(Records contained in a dataset)
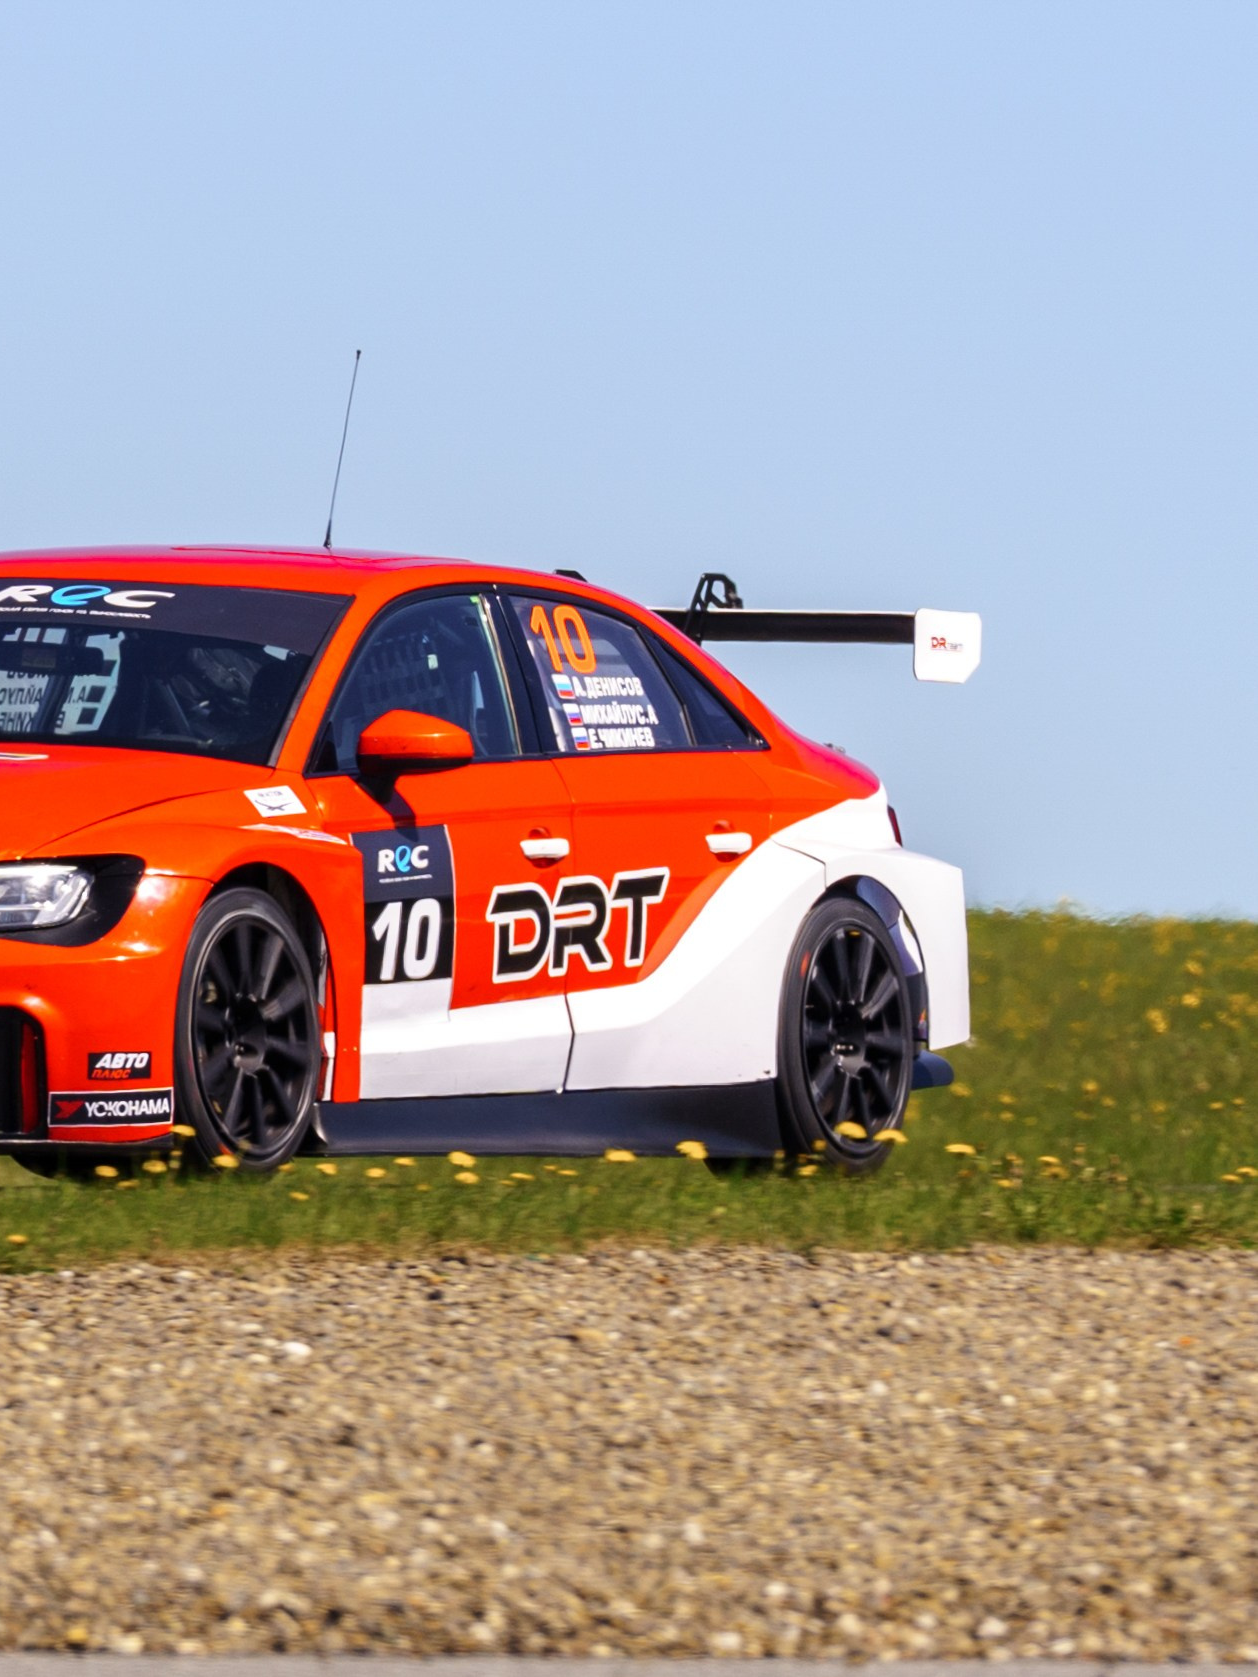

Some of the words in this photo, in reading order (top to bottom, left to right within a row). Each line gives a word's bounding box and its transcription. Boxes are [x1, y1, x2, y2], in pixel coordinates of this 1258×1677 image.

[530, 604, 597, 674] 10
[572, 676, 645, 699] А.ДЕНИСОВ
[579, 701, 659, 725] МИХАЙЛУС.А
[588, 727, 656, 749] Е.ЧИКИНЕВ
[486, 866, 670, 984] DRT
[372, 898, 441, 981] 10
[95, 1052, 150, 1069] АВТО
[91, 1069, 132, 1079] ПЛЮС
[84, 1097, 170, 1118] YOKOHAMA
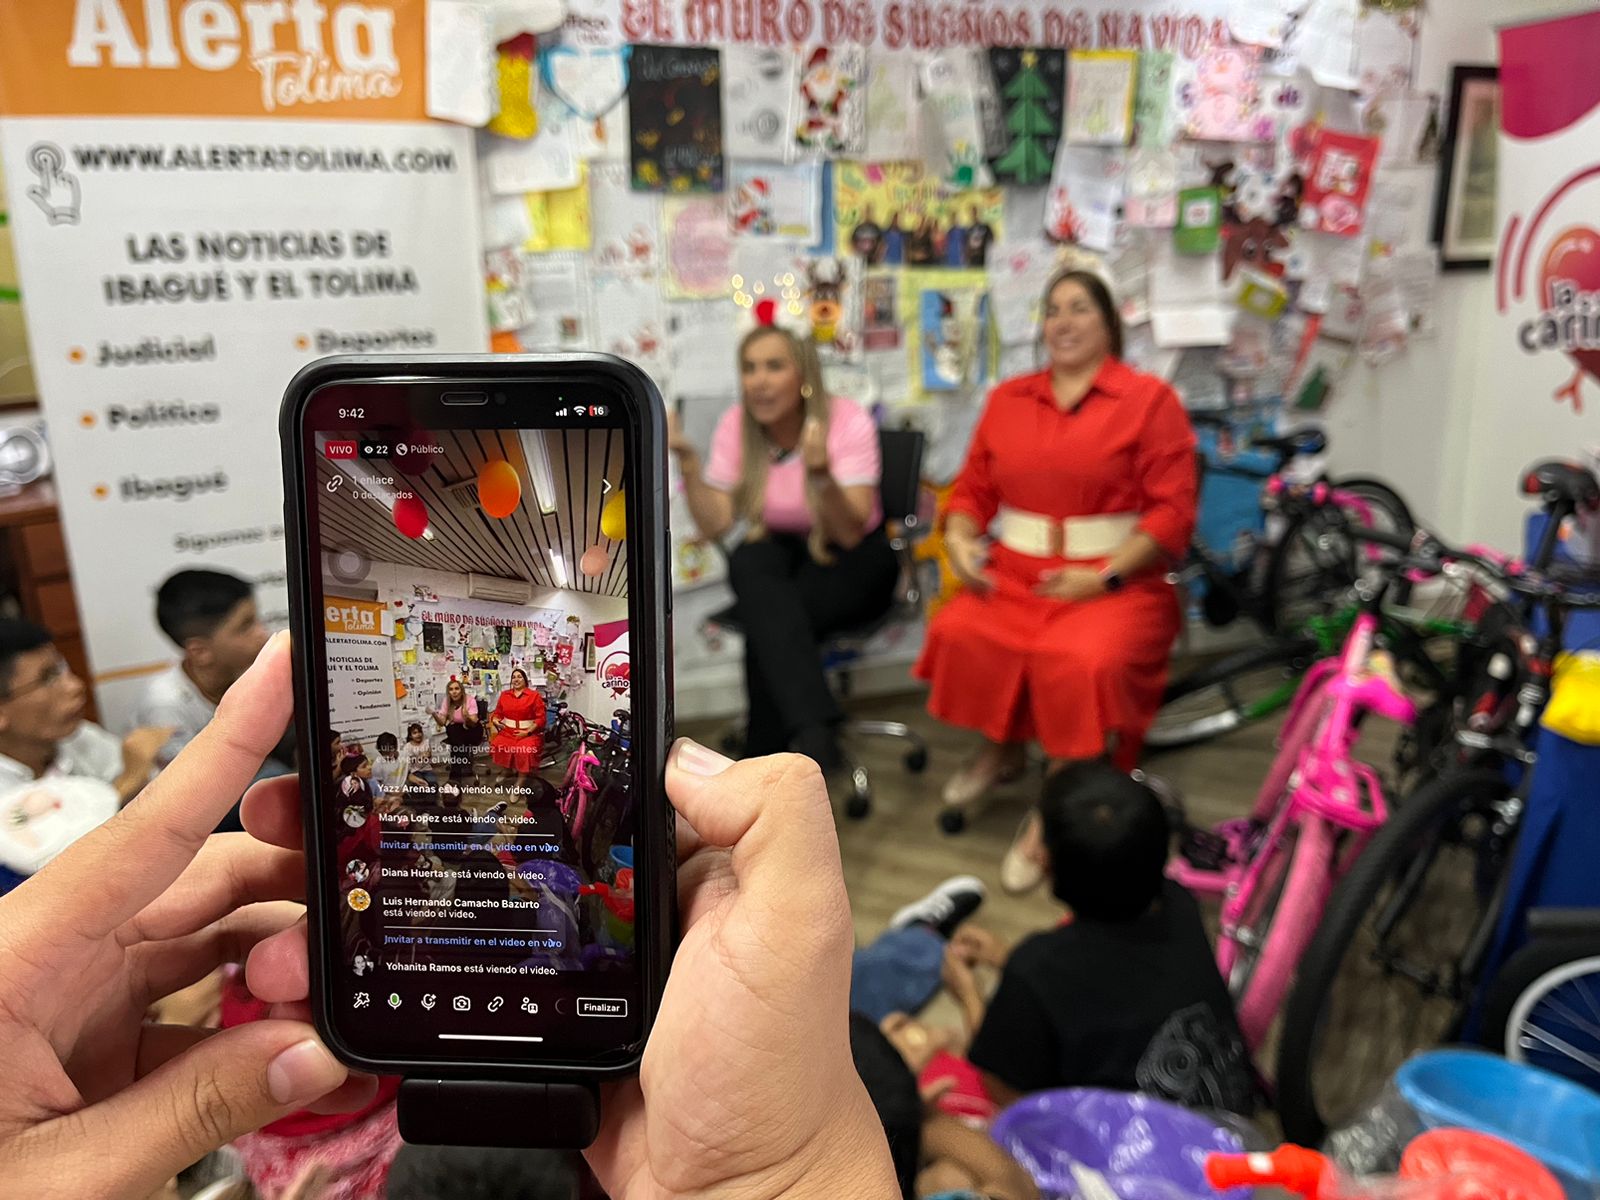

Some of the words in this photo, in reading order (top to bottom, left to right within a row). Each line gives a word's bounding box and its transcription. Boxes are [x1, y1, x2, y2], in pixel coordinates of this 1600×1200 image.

## EXERCISE REQUIREMENTS
Print the records again exactly, without the pictures.

## ANSWER TO THIS PROBLEM
Some of the words in this photo, in reading order (top to bottom, left to right within a row). Each line gives a word's bounding box and its transcription. Boxes are [x1, y1, x2, y2], in pixel coordinates of this 1258×1677 image.

[530, 604, 597, 674] 10
[572, 676, 645, 699] А.ДЕНИСОВ
[579, 701, 659, 725] МИХАЙЛУС.А
[588, 727, 656, 749] Е.ЧИКИНЕВ
[486, 866, 670, 984] DRT
[372, 898, 441, 981] 10
[95, 1052, 150, 1069] АВТО
[91, 1069, 132, 1079] ПЛЮС
[84, 1097, 170, 1118] YOKOHAMA

Some of the words in this photo, in reading order (top to bottom, left to right within a row). Each line gives a word's bounding box and its transcription. Boxes are [x1, y1, x2, y2], in pixel coordinates of this 1600×1200 image.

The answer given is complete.